On yedinci yüzyılda bilim insanları ilk defa canlı organizmaları ışık mikroskopu altında incelediğinde yeni bir dünya açılmıştı. Bu mikrobiyolojinin doğuş anıydı ve o zamandan beri ışık mikroskopu bilimin en önemli araçlardan biri olageldi. Işık mikroskopu 200 nanometrenin (saç telinin 500'de 1'i) altındaki cisimleri gösteremez. Daha küçük cisimleri görmek içinse bilim adamları elektron mikroskobu kullanır. Ancak bu mikroskobun birtakım
sorunları bulunuyor, örneğin elektron mikroskobu ile sadece ölü hareketsiz cisimler gözlemlenebilir. Bir ışık mikroskopunun 0,2 mikrometreden daha yüksek bir çözünürlüğe sahip olamayacağı yönündeki bilimsel olarak kabul edilmiş kısıtlılık da var.

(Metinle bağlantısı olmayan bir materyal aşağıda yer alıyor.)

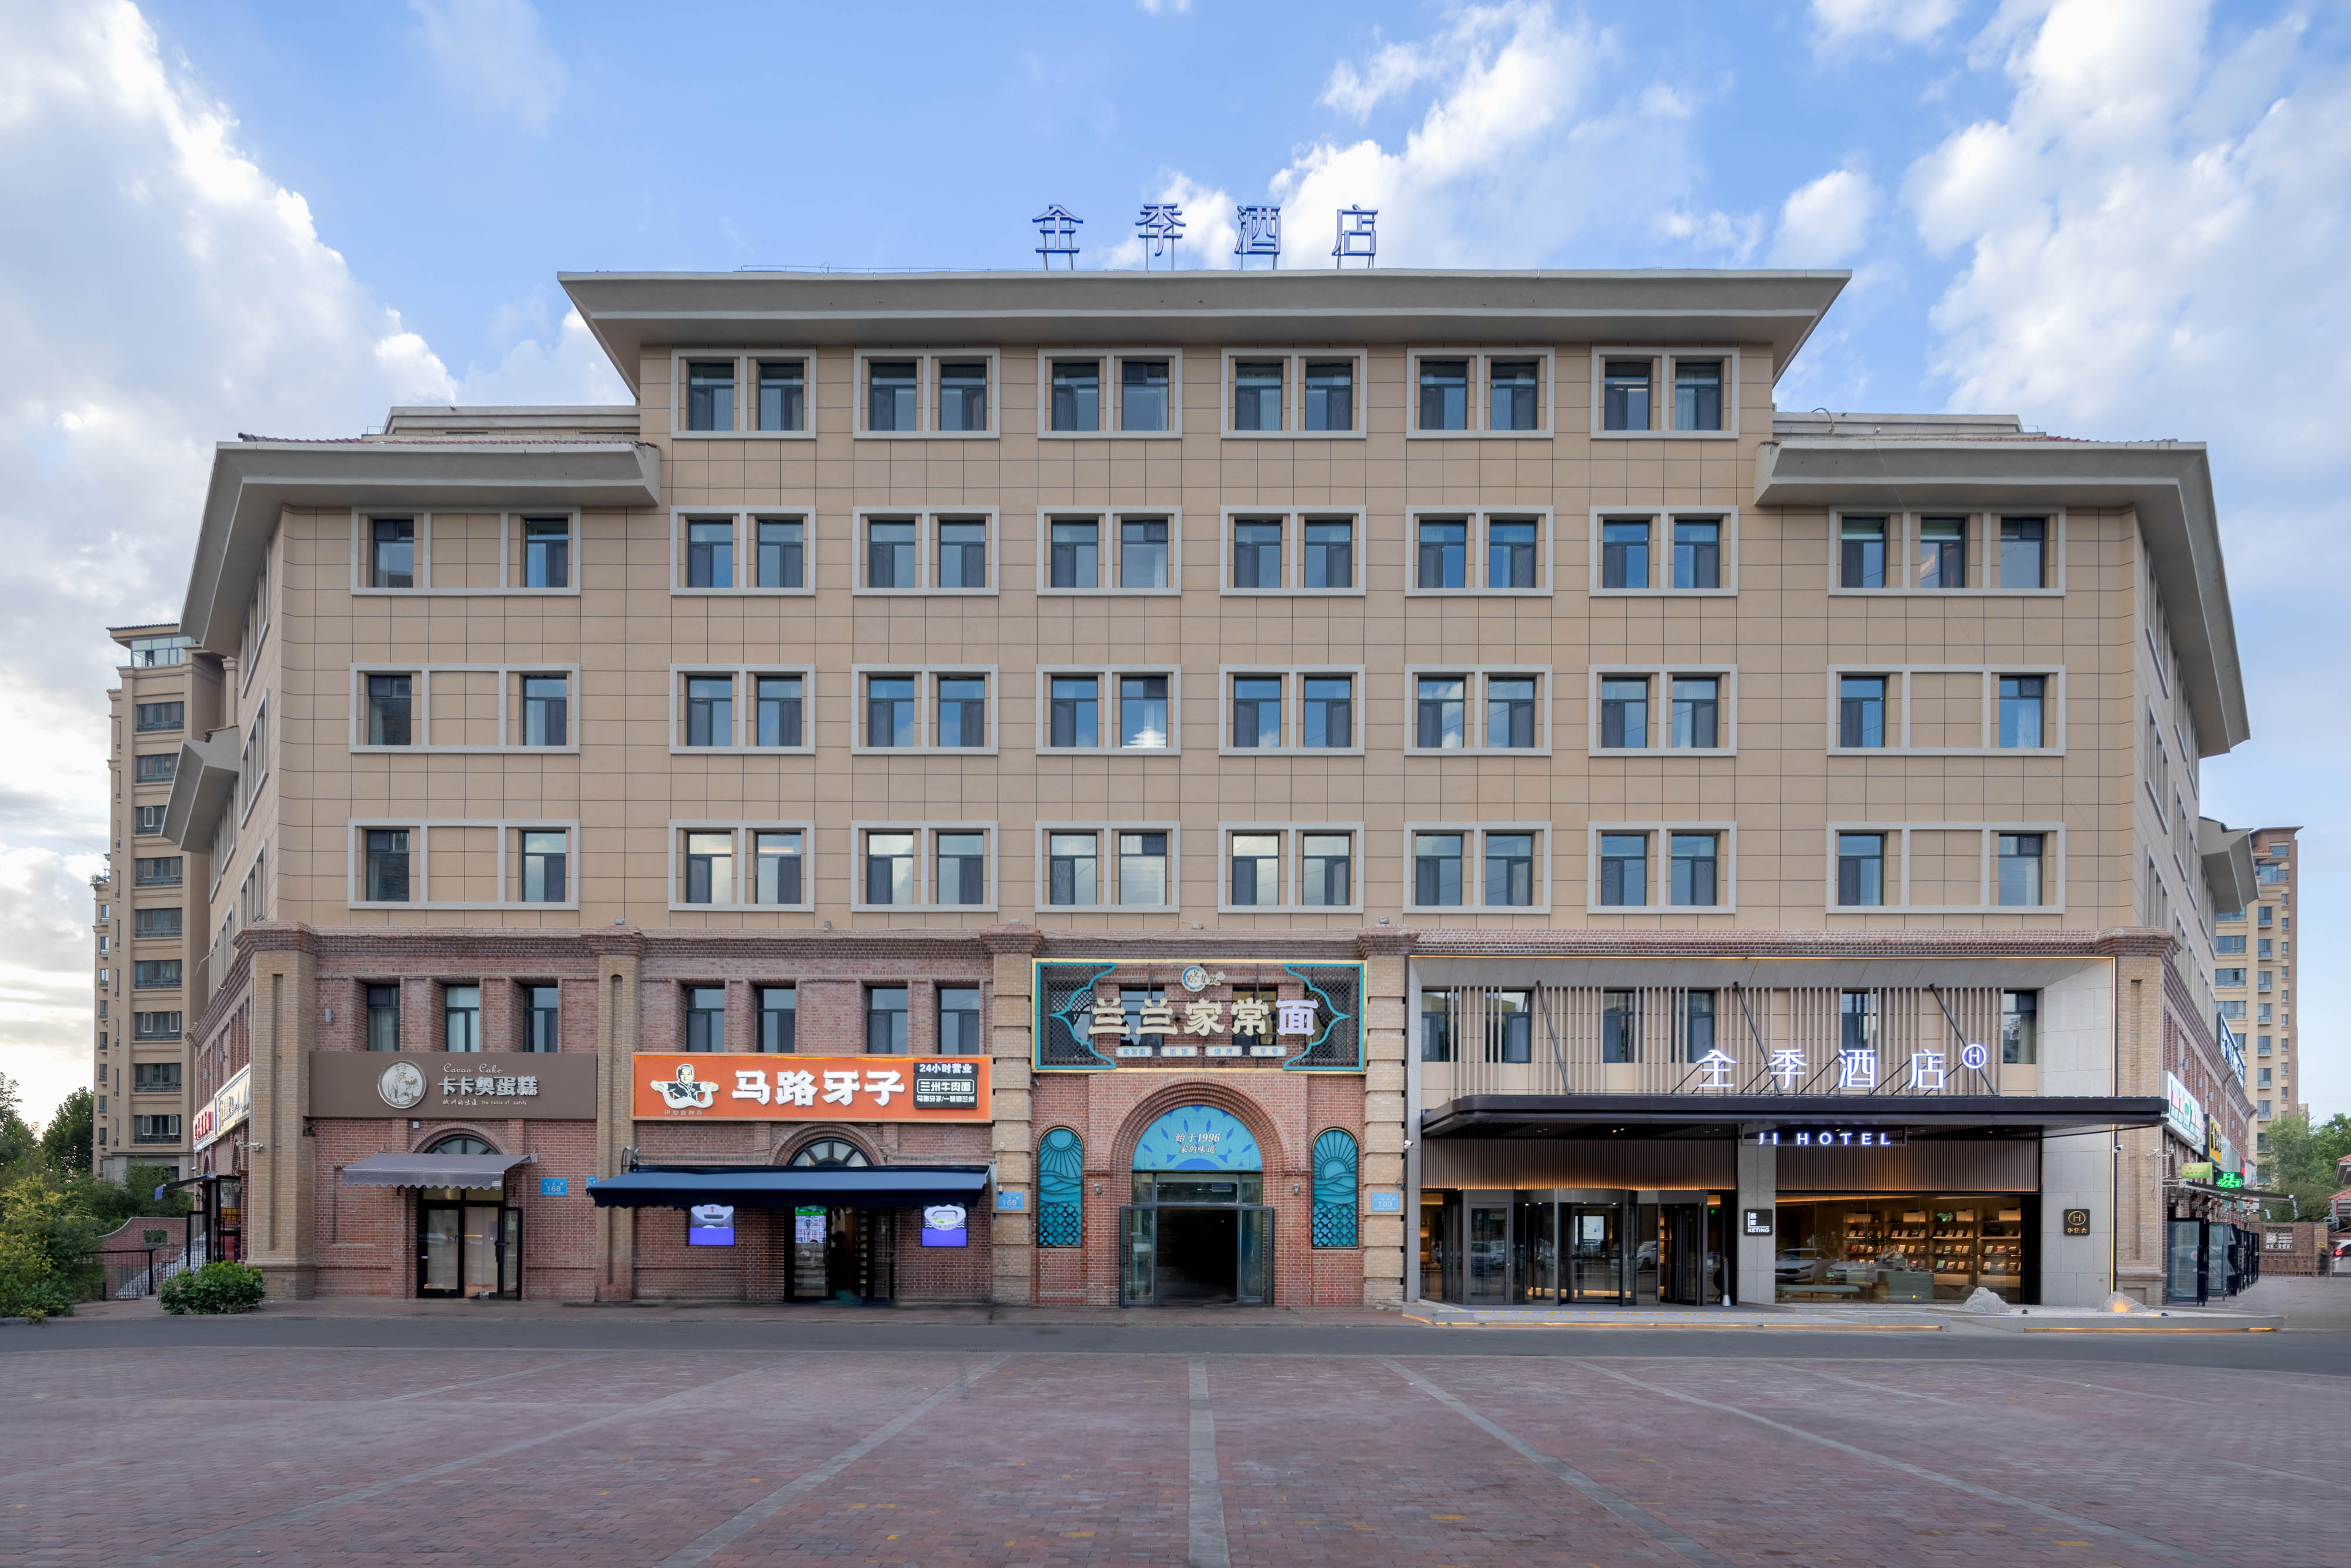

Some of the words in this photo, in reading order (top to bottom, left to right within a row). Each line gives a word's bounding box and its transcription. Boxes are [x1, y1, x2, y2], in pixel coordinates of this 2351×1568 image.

[1032, 203, 1379, 256] 全季酒店
[1088, 997, 1319, 1037] 兰兰家常面
[443, 1063, 473, 1074] Cacao
[479, 1063, 503, 1074] Cake
[919, 1062, 972, 1074] 24小时营业
[1695, 1049, 1946, 1089] 全季酒店
[437, 1076, 539, 1096] 卡卡奥蛋糕
[731, 1069, 905, 1106] 马路牙子
[920, 1082, 971, 1092] 兰州牛肉面
[1175, 1132, 1221, 1143] 始于1996
[1758, 1132, 1778, 1145] JI
[1797, 1132, 1891, 1146] HOTEL
[1179, 1144, 1216, 1154] 家的味道

Bu sorunu aşma amacıyla Stefan Hell ve Eric Betzig ile William Moerner ışık mikroskobunun 200 kat daha küçük cisimleri görmesini sağlayan metotlar geliştirdiler ve 2014 Nobel Kimya Ödülü'ne layık görüldüler. Bu gelişmeler ışığında bilim adamları artık moleküllerin flüoresansını biyoloji ve tıpta birçok önemli gözlem için kullanmaya başladılar. Bunların içinde Parkinson, Alzheimer, Huntington hastalıklarında proteinlerin takip edilebilmesine kadar bir sürü uygulama alanı var.